IT employers having to up salaries and bonuses to attract talent
FYI, this story is more than a year old
As the modern economy relies increasingly on data, it’s certainly a good time to be working in IT.
According to specialised recruiter Robert Half, in Australia the 2018 annual wage growth in the IT sector was reported to be 3.3 percent, higher than the national average across all industries.
This comes down to competition among organisations, and Robert Half says in light of this IT employers need to be prepared to offer attractive remuneration packages in order to allure and retain the best talent to their company.
Robert Half commissioned an independent survey of 160 Australian CIOs to gain an idea of what incentives IT employers are using to secure and hold onto their top-performing talent.
What’s on offer to attract IT talent
As aforementioned, it’s a good time to be working in IT, as 87 percent of CIOs say it is more challenging to attract qualified IT professionals to their organisation that it was five years ago, with companies needing to adjust their staff attraction initiatives in the skills-short market.
This means that many IT employers are prepared to pay a premium to staff their teams with the best talent. 50 percent are offering higer base pay and/or bonus to attract top IT talent, while 42 percent are offering additional employee benefits, and 39 percent are promoting an enhanced work culture, such as health and wellbeing programmes.

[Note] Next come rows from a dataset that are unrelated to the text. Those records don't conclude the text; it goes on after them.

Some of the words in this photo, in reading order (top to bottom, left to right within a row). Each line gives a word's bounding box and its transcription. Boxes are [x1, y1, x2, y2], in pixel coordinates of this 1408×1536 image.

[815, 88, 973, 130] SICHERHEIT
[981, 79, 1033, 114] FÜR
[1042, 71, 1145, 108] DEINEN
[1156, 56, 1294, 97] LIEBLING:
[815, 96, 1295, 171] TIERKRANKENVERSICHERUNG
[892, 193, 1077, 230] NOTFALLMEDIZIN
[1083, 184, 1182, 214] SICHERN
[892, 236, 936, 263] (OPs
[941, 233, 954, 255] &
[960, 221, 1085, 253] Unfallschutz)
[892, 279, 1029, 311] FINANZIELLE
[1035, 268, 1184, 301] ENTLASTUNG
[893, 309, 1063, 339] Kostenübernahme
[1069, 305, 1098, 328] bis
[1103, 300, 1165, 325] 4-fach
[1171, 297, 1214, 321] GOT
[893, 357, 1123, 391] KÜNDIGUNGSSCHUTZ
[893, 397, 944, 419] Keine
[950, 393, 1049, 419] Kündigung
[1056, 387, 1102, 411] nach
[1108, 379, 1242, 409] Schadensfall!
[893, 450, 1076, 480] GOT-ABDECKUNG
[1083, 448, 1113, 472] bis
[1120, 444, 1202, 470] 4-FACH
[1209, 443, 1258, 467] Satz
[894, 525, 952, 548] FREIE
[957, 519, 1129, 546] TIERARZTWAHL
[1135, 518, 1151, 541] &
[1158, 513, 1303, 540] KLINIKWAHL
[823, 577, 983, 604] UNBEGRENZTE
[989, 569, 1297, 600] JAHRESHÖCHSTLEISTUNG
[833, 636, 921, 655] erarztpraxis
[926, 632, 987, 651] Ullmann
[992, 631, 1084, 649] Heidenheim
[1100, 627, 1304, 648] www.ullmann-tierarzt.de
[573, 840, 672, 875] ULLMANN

What’s on offer to retain IT talent
Obviously, attracting IT talent is only half the job as IT employers are striving to keep their employees on board. To avoid losing their top performers, Australia’s IT employers are being proactive in their approach to staff retention.
The top three initiatives CIOs have focused on over the last three years to retain IT staff are offering a higher salary (48 percent), developing an enhanced work culture (48 percent), and attributing more employee benefits (38 percent).

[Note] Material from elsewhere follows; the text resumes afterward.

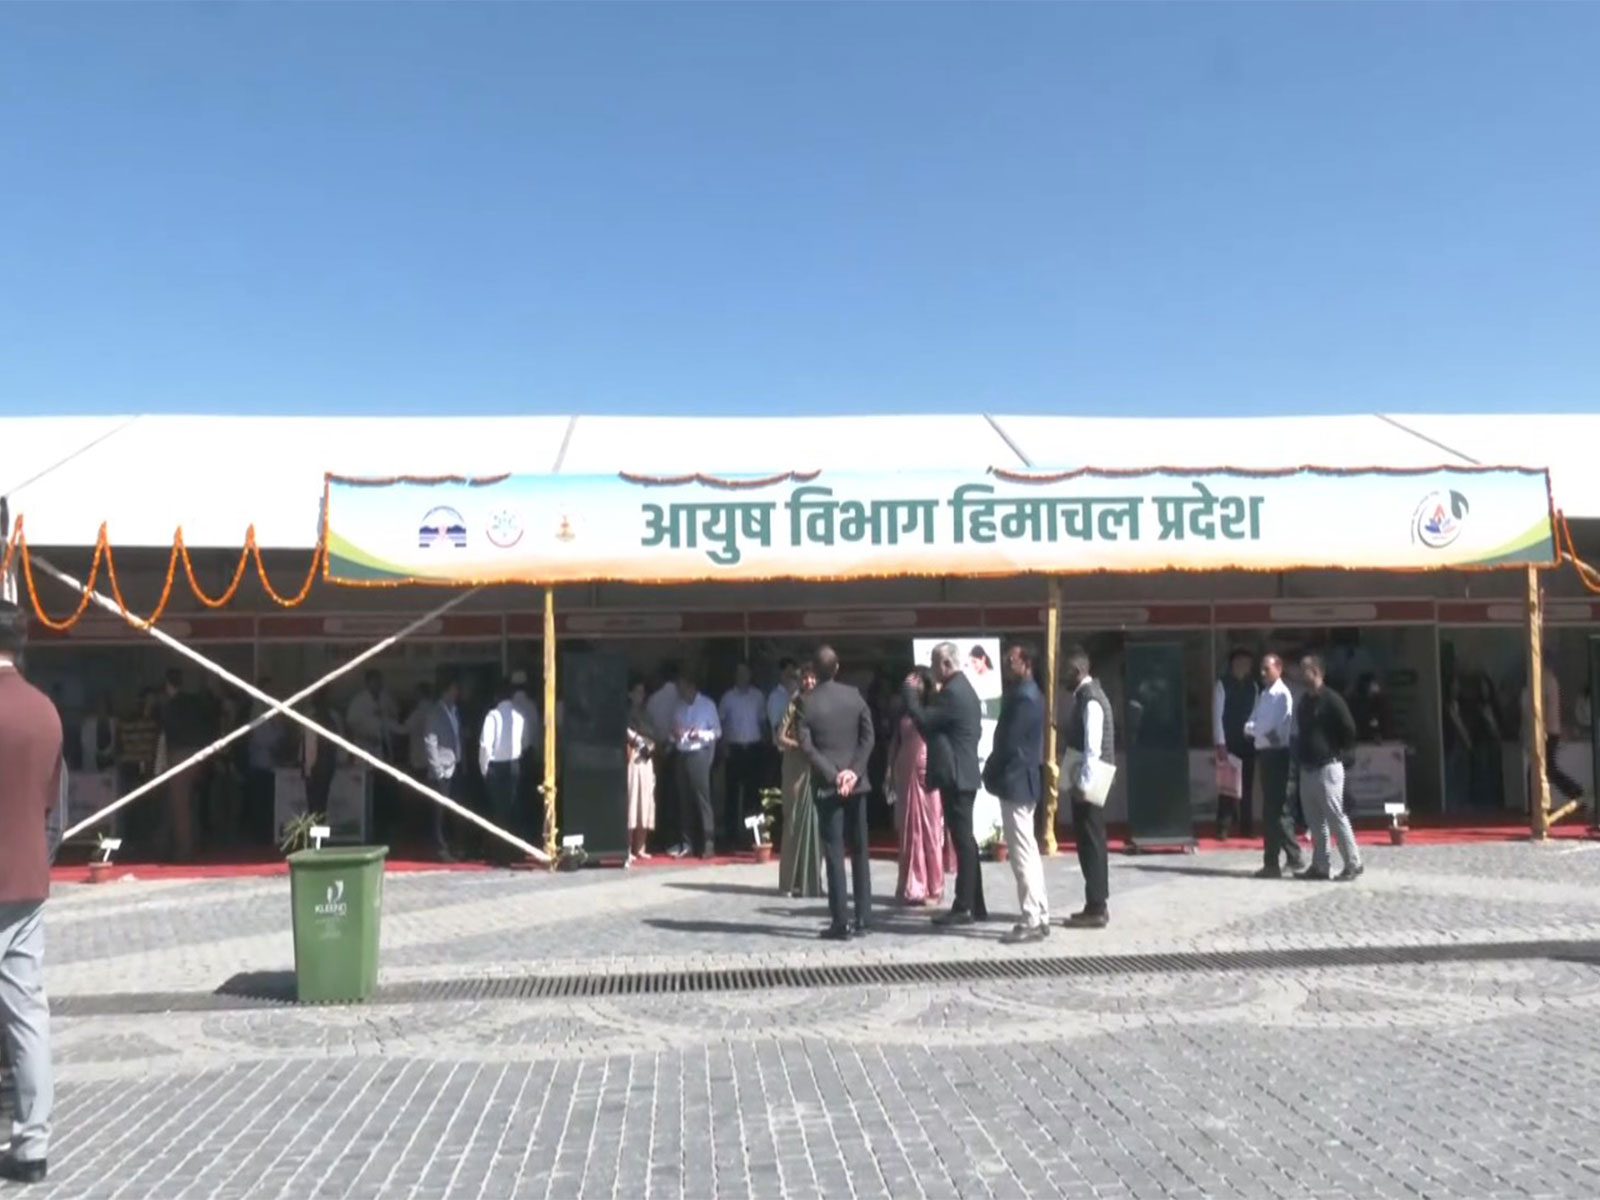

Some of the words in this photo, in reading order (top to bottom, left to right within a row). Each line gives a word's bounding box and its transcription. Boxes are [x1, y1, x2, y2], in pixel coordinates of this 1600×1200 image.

[641, 500, 776, 565] आयुष
[785, 486, 939, 546] विभाग
[948, 484, 1144, 544] हिमाचल
[1152, 482, 1265, 541] प्रदेश

Robert Half Australia director Andrew Morris says as the IT sector booms, companies are calling for the highest calibre candidates to remain competitive, drive innovation, and implement new technologies faster than ever before.
“Consequently, as top IT talent becomes more highly sought-after in Australia’s tightening IT talent pool, companies are required to offer competitive salaries in order to successfully attract, recruit and retain the most skilled and talented candidates. To be effective at attracting and retaining top talent, remuneration should be part of a wider, ongoing dialogue between employer and employee as the most appealing remuneration packages are those that are tailored and designed with individual employees in mind,” says Morris.
“Through open communication channels, employers can establish and implement incentives that appeal to individual motivations. This is especially true for millennial-aged workers who tend to favour professional development opportunities over a higher salary, and workers with children who may value increased annual leave and flexible hours more highly.”